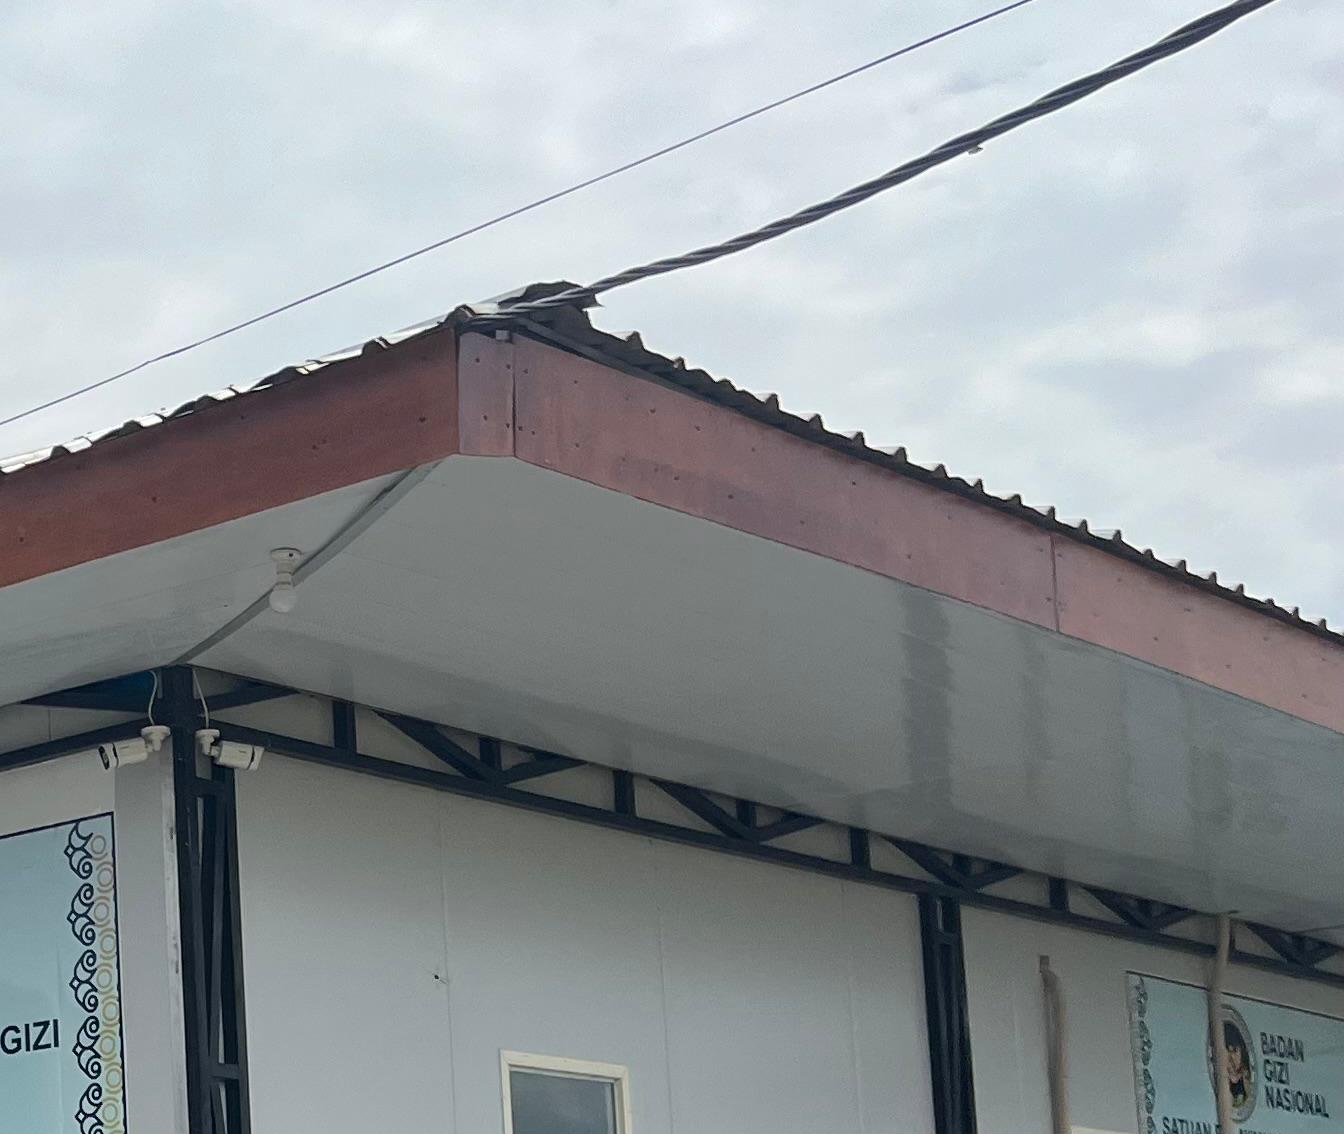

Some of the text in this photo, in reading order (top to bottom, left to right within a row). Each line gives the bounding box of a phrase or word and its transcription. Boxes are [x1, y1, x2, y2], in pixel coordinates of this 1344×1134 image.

[0, 1019, 60, 1055] GIZI
[1259, 1031, 1305, 1063] BADAN
[1263, 1059, 1290, 1086] GIZI
[1264, 1084, 1330, 1119] NASIONAL
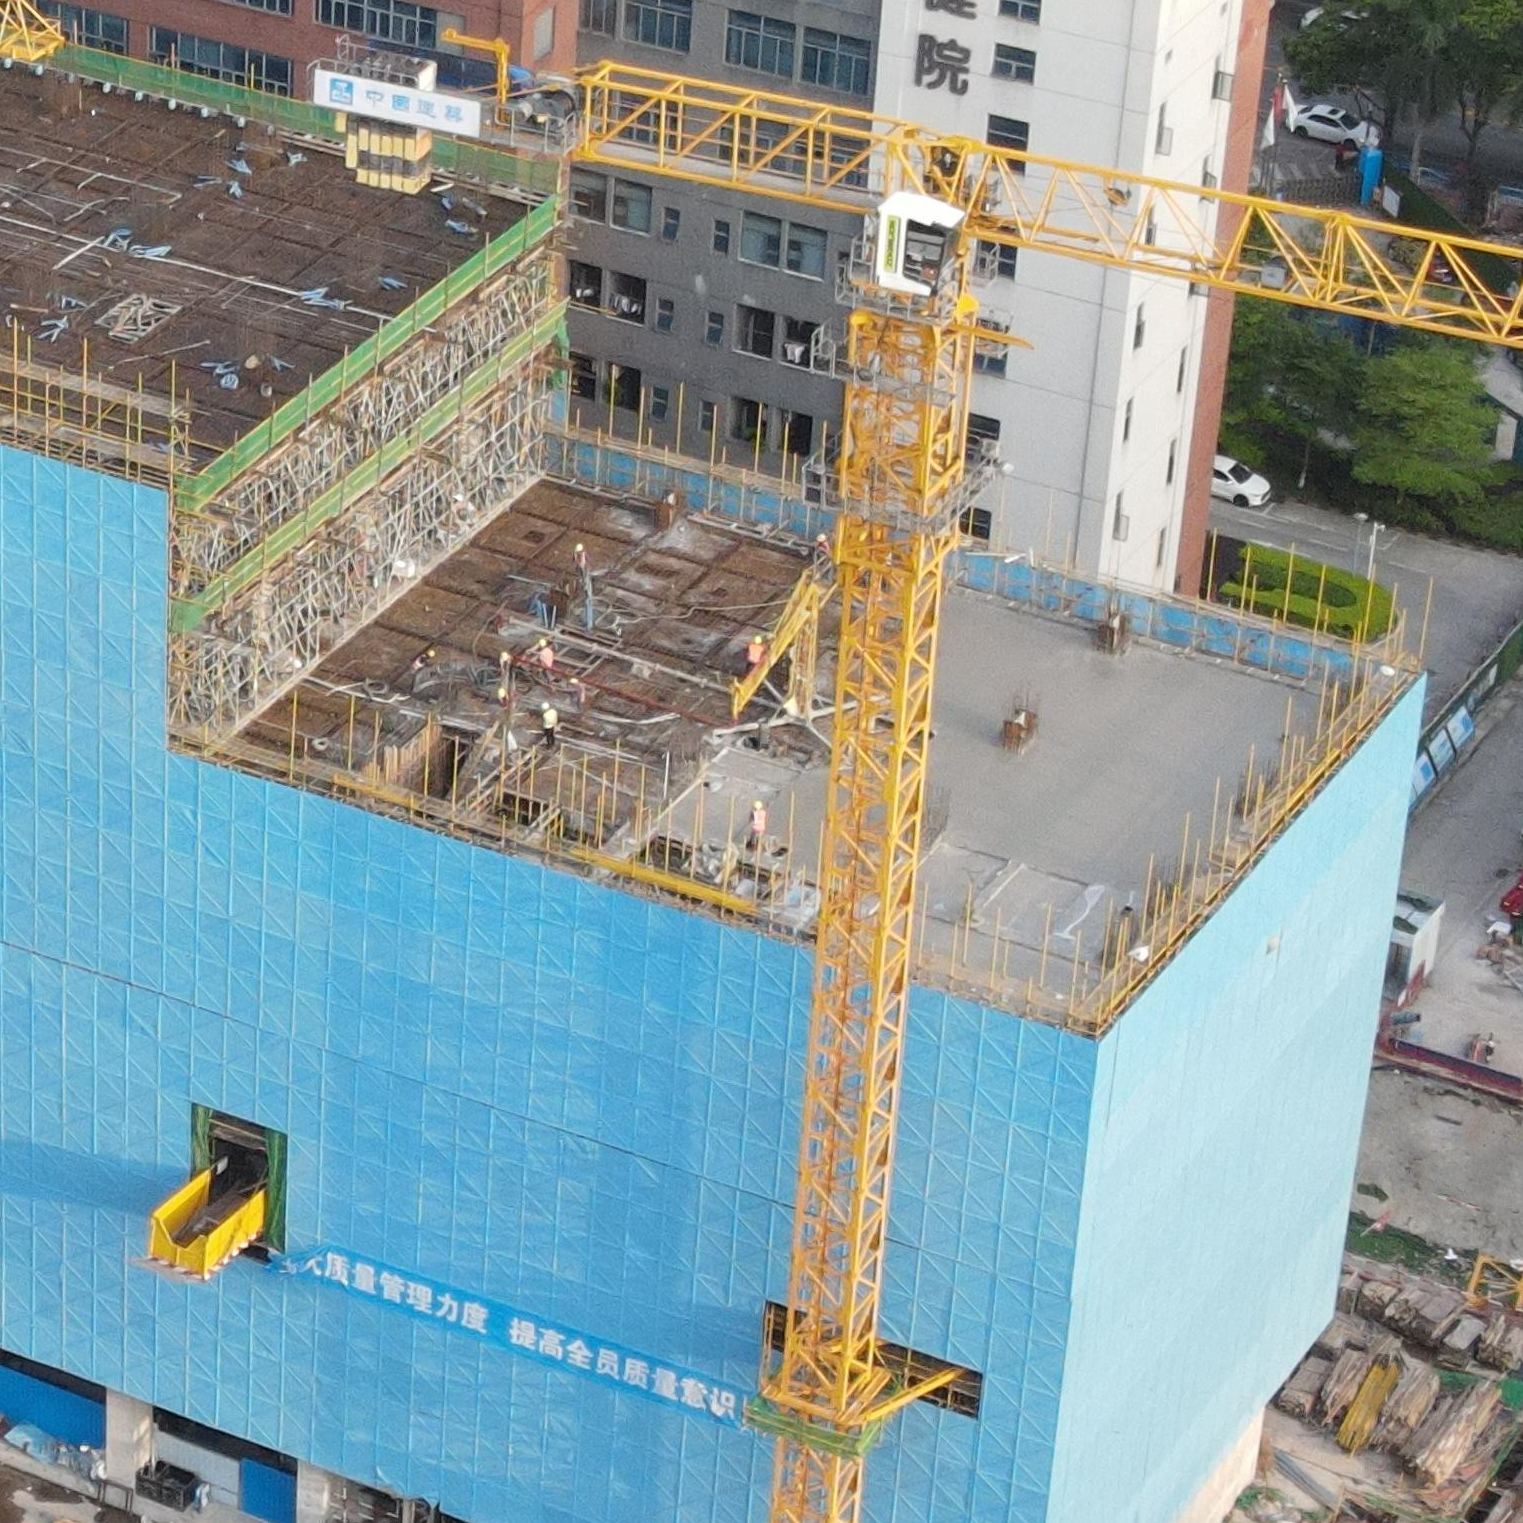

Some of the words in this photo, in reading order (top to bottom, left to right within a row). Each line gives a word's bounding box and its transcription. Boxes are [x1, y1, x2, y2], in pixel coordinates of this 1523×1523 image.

[509, 1317, 736, 1420] 提高全员质量意识

+ + +

## PROMPT
Reproduce each line of the records above, exactly and without pictures.

## ANSWER SPACE
Some of the text in this photo, in reading order (top to bottom, left to right within a row). Each line gives the bounding box of a phrase or word and its transcription. Boxes are [x1, y1, x2, y2], in pixel coordinates of this 1344×1134 image.

[0, 1019, 60, 1055] GIZI
[1259, 1031, 1305, 1063] BADAN
[1263, 1059, 1290, 1086] GIZI
[1264, 1084, 1330, 1119] NASIONAL

Some of the words in this photo, in reading order (top to bottom, left to right within a row). Each line gives a word's bounding box and its transcription. Boxes are [x1, y1, x2, y2], in pixel coordinates of this 1523×1523 image.

[509, 1317, 736, 1420] 提高全员质量意识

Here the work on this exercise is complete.